Ptolemy set himself the difficult task of constructing a theory of the apparent movement of the Sun, Moon, and the five then known planets across the firmament. The accuracy of the theory should have made it possible to calculate the positions of these celestial bodies relative to the stars for many years to come, to predict the onset of solar and lunar eclipses.
To do this, it was necessary to form the basis for counting the positions of the planets - a catalog of the positions of fixed stars. Ptolemy had such a catalog at his disposal, compiled two and a half centuries before him by his outstanding predecessor, the ancient Greek astronomer Hipparchus. There were about 850 stars in this catalog.
Ptolemy built special goniometric instruments for observing the positions of stars and planets: astrolabe, armillary sphere, triquetra and some others. With their help, he made many observations and supplemented the Hipparchus star catalog, bringing the number of stars to 1022.

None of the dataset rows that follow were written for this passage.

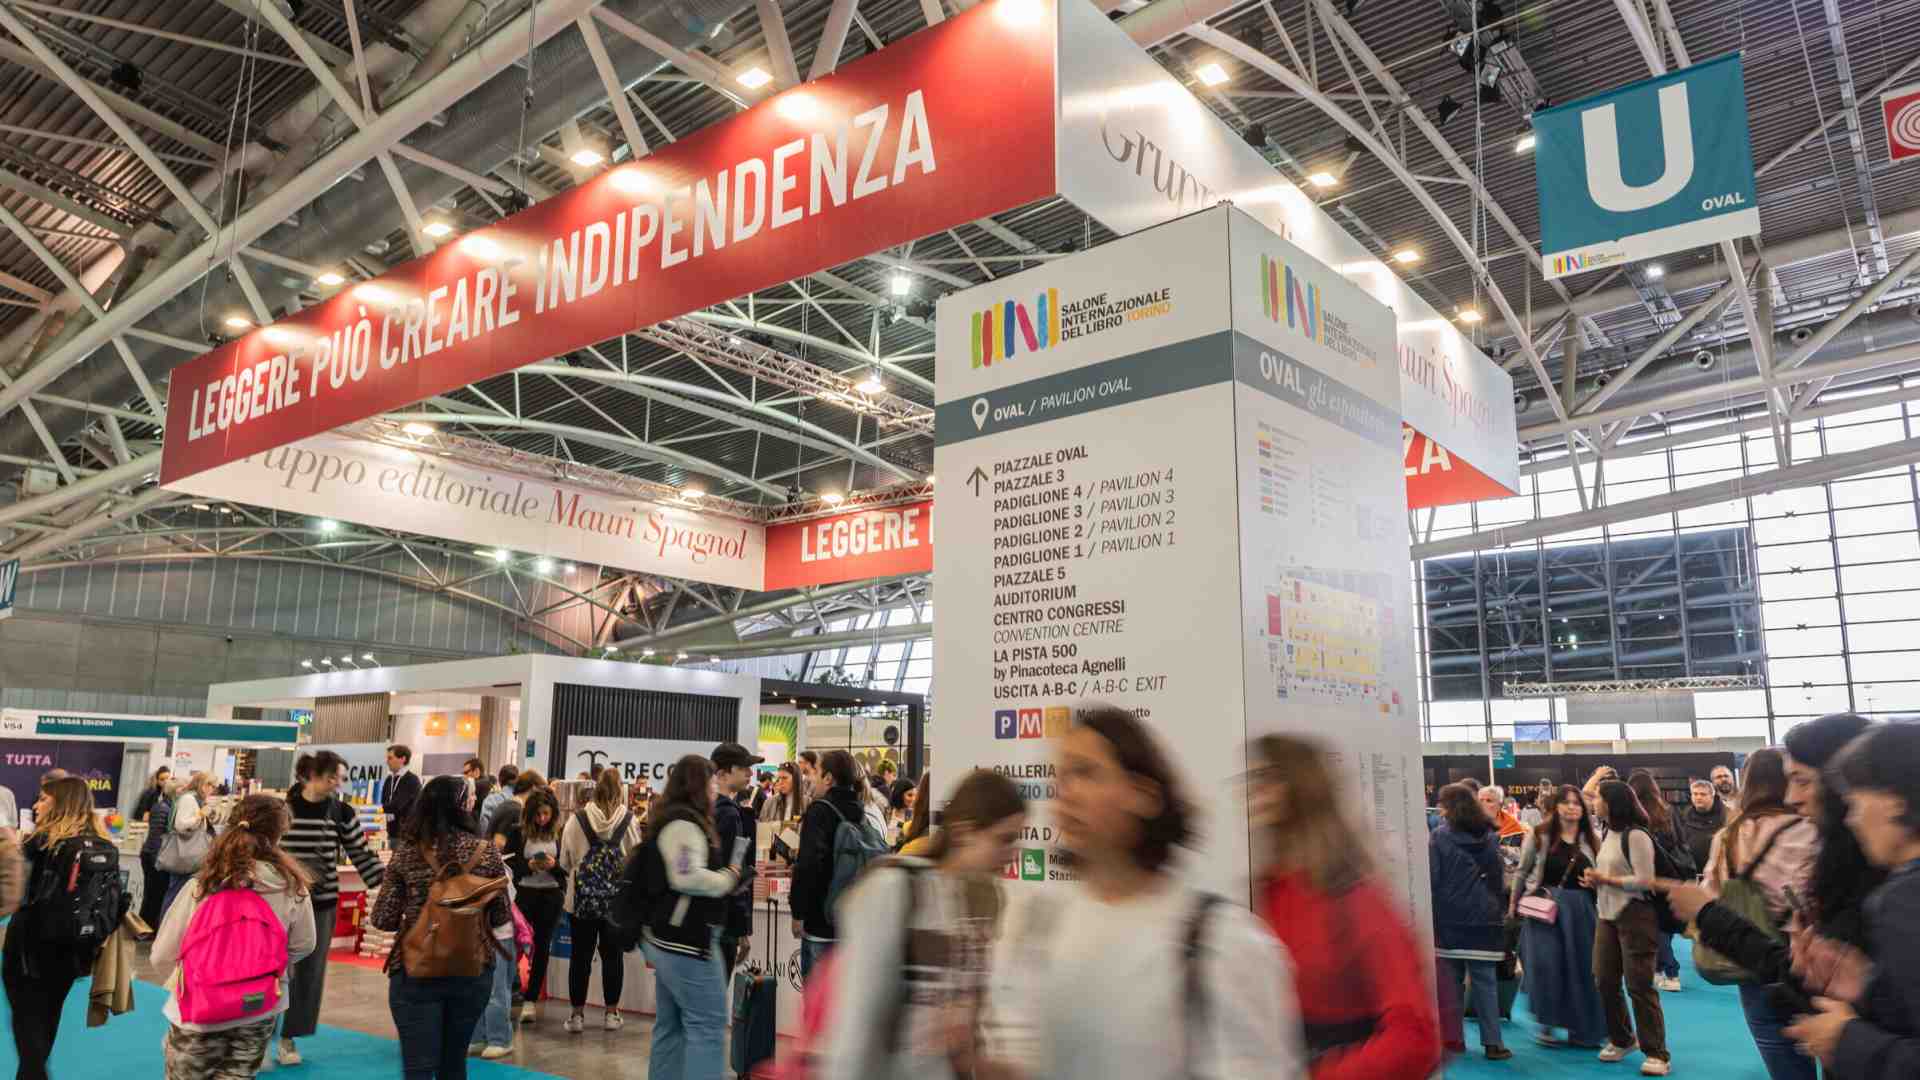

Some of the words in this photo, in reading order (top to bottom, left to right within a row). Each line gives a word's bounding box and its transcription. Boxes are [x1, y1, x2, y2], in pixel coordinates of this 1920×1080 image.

[1581, 81, 1695, 213] U
[1701, 192, 1745, 212] OVAL
[188, 349, 301, 442] LEGGERE
[309, 306, 371, 398] PUÒ
[379, 258, 525, 370] CREARE
[534, 88, 938, 315] INDIPENDENZA
[1061, 292, 1108, 317] SALONE
[1061, 287, 1171, 329] INTERNAZIONALE
[1061, 325, 1083, 341] DEL
[1085, 314, 1123, 338] LIBRO
[1126, 303, 1172, 323] TORINO
[1259, 350, 1306, 396] OVAL
[993, 403, 1025, 421] OVAL
[1040, 387, 1096, 412] PAVILION
[1099, 376, 1133, 398] OVAL
[994, 452, 1053, 475] PIAZZALE
[1056, 445, 1088, 464] OVAL
[994, 471, 1053, 494] PIAZZALE
[1056, 468, 1065, 482] 3
[994, 487, 1070, 513] PADIGLIONE
[1073, 485, 1082, 499] 4
[1100, 471, 1161, 494] PAVILION
[1164, 468, 1174, 482] 4
[262, 446, 367, 494] uppo
[377, 459, 540, 520] editoriale
[545, 488, 638, 539] Mauri
[642, 511, 749, 564] Spagnol
[994, 506, 1070, 532] PADIGLIONE
[1074, 504, 1083, 518] 3
[1100, 490, 1162, 514] PAVILION
[1165, 488, 1175, 503] 3
[801, 503, 920, 563] LEGGERE
[994, 526, 1070, 550] PADIGLIONE
[1074, 524, 1083, 538] 2
[1101, 512, 1162, 534] PAVILION
[1165, 510, 1176, 525] 2
[994, 545, 1070, 569] PADIGLIONE
[1074, 544, 1083, 558] 1
[1101, 533, 1162, 553] PAVILION
[1167, 531, 1176, 546] 1
[994, 568, 1054, 588] PIAZZALE
[1057, 566, 1066, 580] 5
[993, 585, 1077, 607] AUDITORIUM
[993, 608, 1044, 626] CENTRO
[1047, 600, 1125, 621] CONGRESSI
[993, 623, 1070, 644] CONVENTION
[1073, 618, 1125, 637] CENTRE
[994, 649, 1009, 663] LA
[1012, 646, 1048, 661] PISTA
[1052, 643, 1077, 658] 500
[994, 666, 1008, 682] by
[1010, 662, 1078, 680] Pinacoteca
[1081, 657, 1126, 676] Agnelli
[994, 684, 1039, 700] USCITA
[1135, 675, 1167, 692] EXIT
[5, 753, 52, 766] TUTTA
[993, 763, 1056, 778] GALLERIA
[1043, 827, 1052, 841] D

Using the observations of their predecessors (from astronomers Ancient Babylon to Hipparchus), and also own observations, Ptolemy built a theory of the motion of the sun, moon and planets. In this theory, it was assumed that all the luminaries move around the Earth, which is the center of the universe and has a spherical shape. To explain the complex nature of the motion of the planets, Ptolemy had to introduce a combination of two or more circular motions. In his system of the world around the Earth
great circle - deferent(from lat. deferens - “bearing”) - it is not the planet itself that moves, but the center of some other circle called epicycle(from the Greek “epi” - “above”, “kyklos” - “circle”), and the planet is already circulating along it. In fact, the movement along the epicycle is a reflection of the actual movement of the Earth around the Sun. To more accurately reproduce the uneven motion of the planets, even smaller epicycles were mounted on the epicycle.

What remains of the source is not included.